Start of Supplied entries
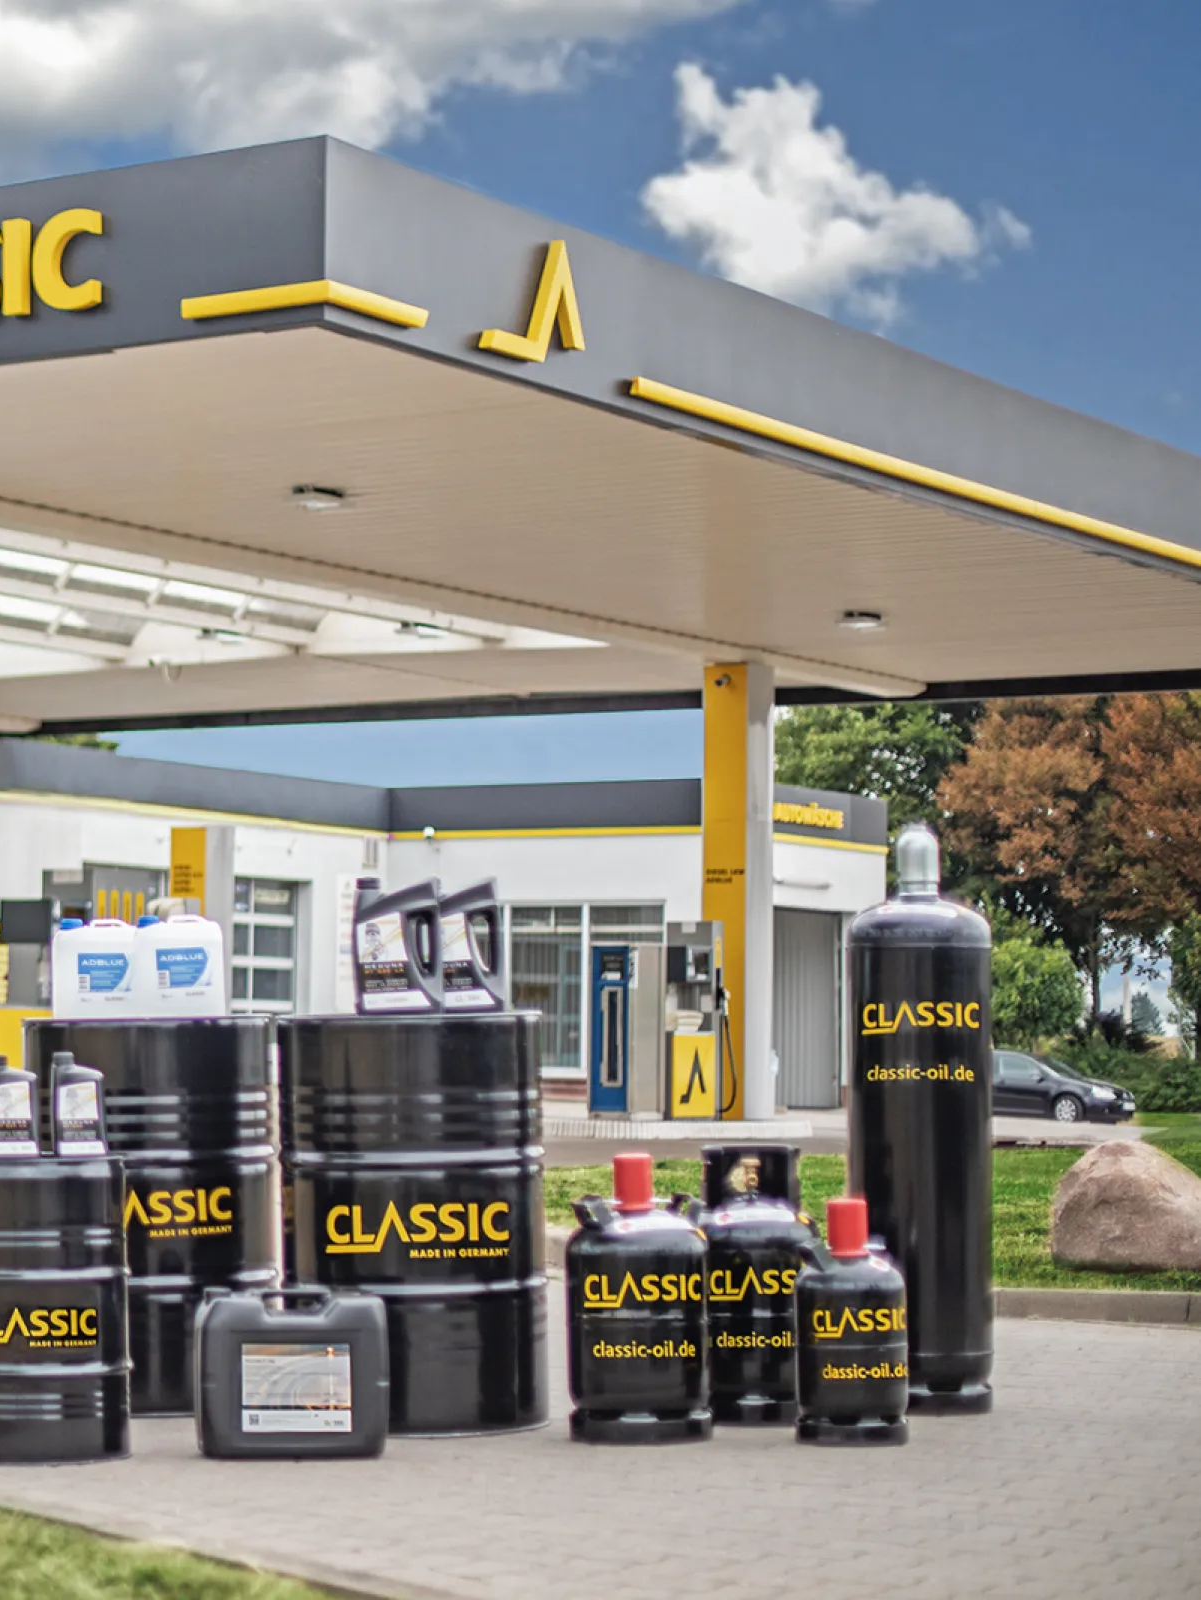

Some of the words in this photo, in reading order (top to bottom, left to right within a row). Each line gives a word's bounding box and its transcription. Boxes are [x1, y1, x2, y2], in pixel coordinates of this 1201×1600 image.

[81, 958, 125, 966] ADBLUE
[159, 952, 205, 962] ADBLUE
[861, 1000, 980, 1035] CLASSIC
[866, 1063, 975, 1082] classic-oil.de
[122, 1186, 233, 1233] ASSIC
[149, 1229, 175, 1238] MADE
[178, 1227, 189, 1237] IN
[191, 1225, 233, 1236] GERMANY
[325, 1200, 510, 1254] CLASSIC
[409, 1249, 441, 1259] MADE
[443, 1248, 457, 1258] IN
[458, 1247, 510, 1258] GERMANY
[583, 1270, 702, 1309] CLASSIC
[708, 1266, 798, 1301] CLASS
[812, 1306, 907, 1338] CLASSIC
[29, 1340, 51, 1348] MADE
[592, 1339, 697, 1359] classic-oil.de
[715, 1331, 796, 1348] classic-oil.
End of Supplied entries
## [Description of the task]
Transcribe every line of the data exactly. No pictures go in the copy.

## [Solution to this problem]
Some of the words in this photo, in reading order (top to bottom, left to right within a row). Each line gives a word's bounding box and its transcription. Boxes are [x1, y1, x2, y2], in pixel coordinates of this 1201×1600 image.

[81, 958, 125, 966] ADBLUE
[159, 952, 205, 962] ADBLUE
[861, 1000, 980, 1035] CLASSIC
[866, 1063, 975, 1082] classic-oil.de
[122, 1186, 233, 1233] ASSIC
[149, 1229, 175, 1238] MADE
[178, 1227, 189, 1237] IN
[191, 1225, 233, 1236] GERMANY
[325, 1200, 510, 1254] CLASSIC
[409, 1249, 441, 1259] MADE
[443, 1248, 457, 1258] IN
[458, 1247, 510, 1258] GERMANY
[583, 1270, 702, 1309] CLASSIC
[708, 1266, 798, 1301] CLASS
[812, 1306, 907, 1338] CLASSIC
[29, 1340, 51, 1348] MADE
[592, 1339, 697, 1359] classic-oil.de
[715, 1331, 796, 1348] classic-oil.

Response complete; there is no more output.